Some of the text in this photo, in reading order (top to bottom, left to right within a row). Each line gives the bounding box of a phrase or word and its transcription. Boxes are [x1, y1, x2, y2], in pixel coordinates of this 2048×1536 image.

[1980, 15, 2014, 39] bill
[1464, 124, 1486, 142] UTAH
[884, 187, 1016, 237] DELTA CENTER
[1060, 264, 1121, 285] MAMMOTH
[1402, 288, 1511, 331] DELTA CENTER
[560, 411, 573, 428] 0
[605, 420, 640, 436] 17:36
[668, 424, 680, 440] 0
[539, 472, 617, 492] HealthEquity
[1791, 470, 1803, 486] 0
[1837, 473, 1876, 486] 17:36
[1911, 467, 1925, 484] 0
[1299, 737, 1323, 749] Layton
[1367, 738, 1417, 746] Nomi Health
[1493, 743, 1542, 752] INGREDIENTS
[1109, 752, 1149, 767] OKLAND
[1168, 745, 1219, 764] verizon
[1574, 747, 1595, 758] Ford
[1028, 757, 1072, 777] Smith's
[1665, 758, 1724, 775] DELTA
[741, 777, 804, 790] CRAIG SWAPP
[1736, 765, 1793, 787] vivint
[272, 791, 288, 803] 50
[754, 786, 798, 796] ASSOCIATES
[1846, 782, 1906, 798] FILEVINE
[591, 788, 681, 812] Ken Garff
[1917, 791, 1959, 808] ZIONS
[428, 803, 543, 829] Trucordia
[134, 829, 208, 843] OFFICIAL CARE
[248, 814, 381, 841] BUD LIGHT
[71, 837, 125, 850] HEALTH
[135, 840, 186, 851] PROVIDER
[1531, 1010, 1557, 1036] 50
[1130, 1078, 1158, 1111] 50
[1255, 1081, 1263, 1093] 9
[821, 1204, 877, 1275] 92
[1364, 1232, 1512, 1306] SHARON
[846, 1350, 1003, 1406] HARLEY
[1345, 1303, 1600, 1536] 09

----

▶ **What the task asks**
All records above must be set down exactly, please.

▶ **Response below**
Some of the text in this photo, in reading order (top to bottom, left to right within a row). Each line gives the bounding box of a phrase or word and its transcription. Boxes are [x1, y1, x2, y2], in pixel coordinates of this 2048×1536 image.

[1980, 15, 2014, 39] bill
[1464, 124, 1486, 142] UTAH
[884, 187, 1016, 237] DELTA CENTER
[1060, 264, 1121, 285] MAMMOTH
[1402, 288, 1511, 331] DELTA CENTER
[560, 411, 573, 428] 0
[605, 420, 640, 436] 17:36
[668, 424, 680, 440] 0
[539, 472, 617, 492] HealthEquity
[1791, 470, 1803, 486] 0
[1837, 473, 1876, 486] 17:36
[1911, 467, 1925, 484] 0
[1299, 737, 1323, 749] Layton
[1367, 738, 1417, 746] Nomi Health
[1493, 743, 1542, 752] INGREDIENTS
[1109, 752, 1149, 767] OKLAND
[1168, 745, 1219, 764] verizon
[1574, 747, 1595, 758] Ford
[1028, 757, 1072, 777] Smith's
[1665, 758, 1724, 775] DELTA
[741, 777, 804, 790] CRAIG SWAPP
[1736, 765, 1793, 787] vivint
[272, 791, 288, 803] 50
[754, 786, 798, 796] ASSOCIATES
[1846, 782, 1906, 798] FILEVINE
[591, 788, 681, 812] Ken Garff
[1917, 791, 1959, 808] ZIONS
[428, 803, 543, 829] Trucordia
[134, 829, 208, 843] OFFICIAL CARE
[248, 814, 381, 841] BUD LIGHT
[71, 837, 125, 850] HEALTH
[135, 840, 186, 851] PROVIDER
[1531, 1010, 1557, 1036] 50
[1130, 1078, 1158, 1111] 50
[1255, 1081, 1263, 1093] 9
[821, 1204, 877, 1275] 92
[1364, 1232, 1512, 1306] SHARON
[846, 1350, 1003, 1406] HARLEY
[1345, 1303, 1600, 1536] 09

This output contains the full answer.